Saved entries
○ ○ ○ ○
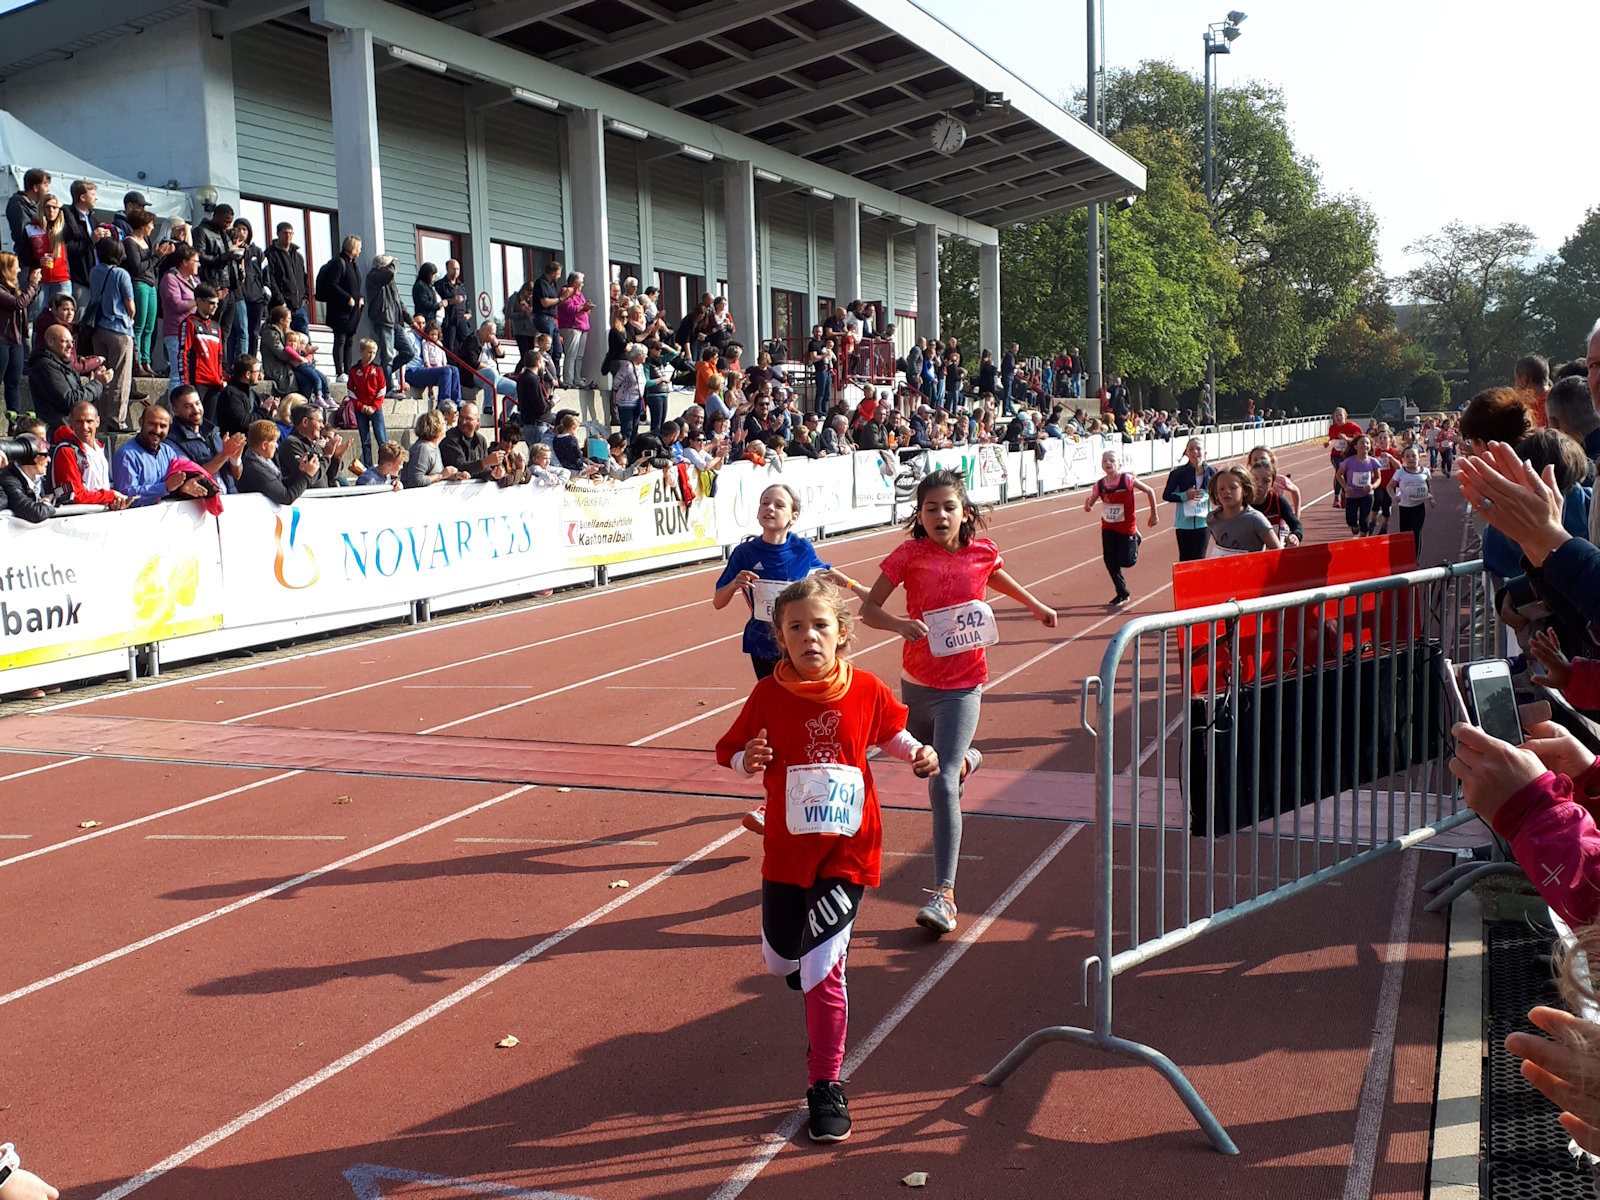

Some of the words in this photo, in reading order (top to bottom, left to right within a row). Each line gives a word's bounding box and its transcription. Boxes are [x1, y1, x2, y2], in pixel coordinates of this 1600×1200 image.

[654, 505, 689, 537] RUN
[340, 509, 535, 582] NOVARTIS
[578, 528, 633, 546] Kantonalbank
[0, 593, 82, 636] bank
[957, 610, 985, 631] 542
[945, 630, 982, 648] GIULIA
[828, 778, 855, 806] 761
[804, 805, 850, 825] VIVIAN
[808, 884, 853, 938] RUN
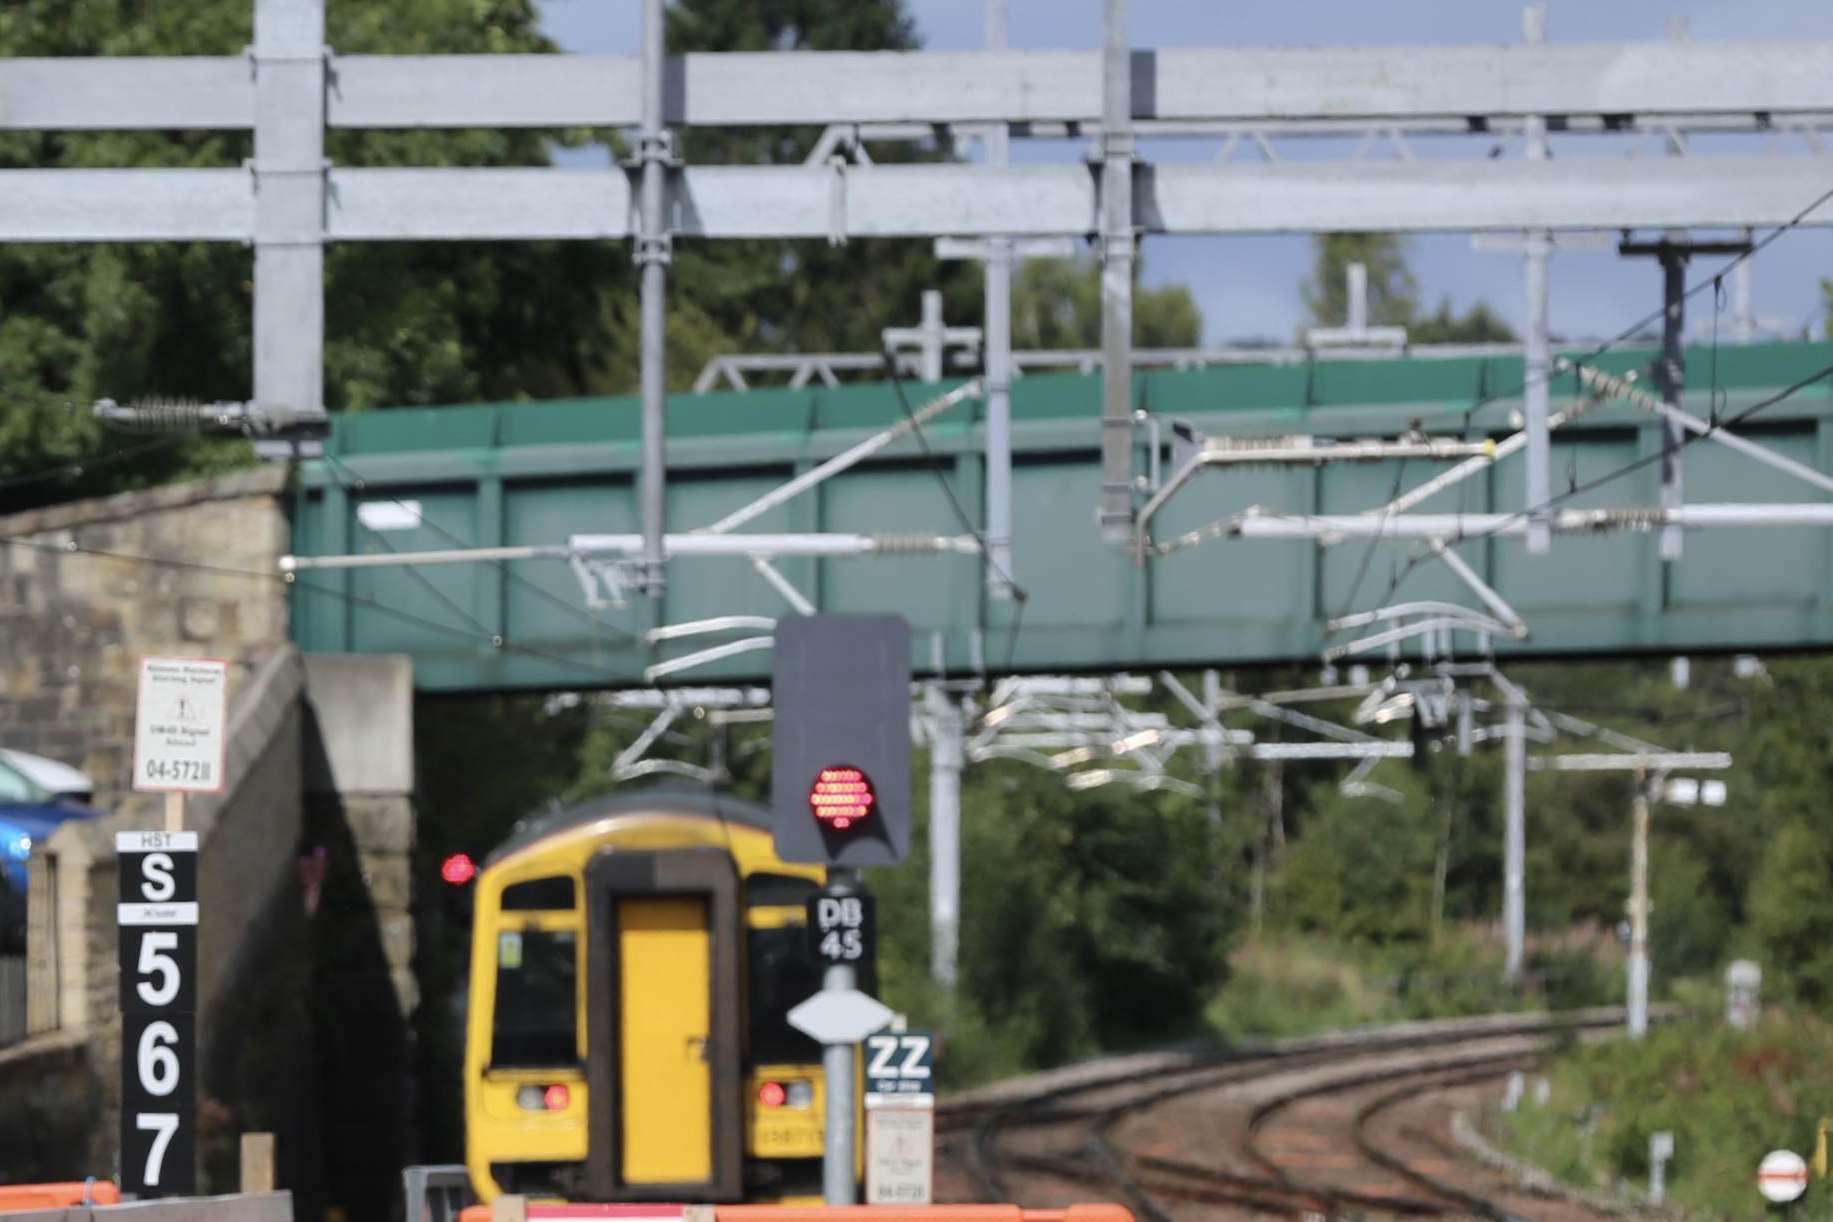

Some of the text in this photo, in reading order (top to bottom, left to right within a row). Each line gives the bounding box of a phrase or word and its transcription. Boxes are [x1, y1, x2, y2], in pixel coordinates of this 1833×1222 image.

[140, 852, 176, 902] S
[141, 832, 172, 848] HST
[136, 932, 181, 1006] 5
[137, 1020, 181, 1097] 6
[136, 1112, 180, 1186] 7
○ ○ ○ ○
▶ [WHAT YOU SHOULD DO]
Leave every image out and retype the entries above word for word.

▶ [RESPONSE FOR THIS EXERCISE]
Some of the words in this photo, in reading order (top to bottom, left to right within a row). Each line gives a word's bounding box and its transcription. Boxes are [x1, y1, x2, y2], in pixel coordinates of this 1600×1200 image.

[654, 505, 689, 537] RUN
[340, 509, 535, 582] NOVARTIS
[578, 528, 633, 546] Kantonalbank
[0, 593, 82, 636] bank
[957, 610, 985, 631] 542
[945, 630, 982, 648] GIULIA
[828, 778, 855, 806] 761
[804, 805, 850, 825] VIVIAN
[808, 884, 853, 938] RUN

Some of the text in this photo, in reading order (top to bottom, left to right within a row). Each line gives the bounding box of a phrase or word and its transcription. Boxes are [x1, y1, x2, y2], in pixel coordinates of this 1833×1222 image.

[140, 852, 176, 902] S
[141, 832, 172, 848] HST
[136, 932, 181, 1006] 5
[137, 1020, 181, 1097] 6
[136, 1112, 180, 1186] 7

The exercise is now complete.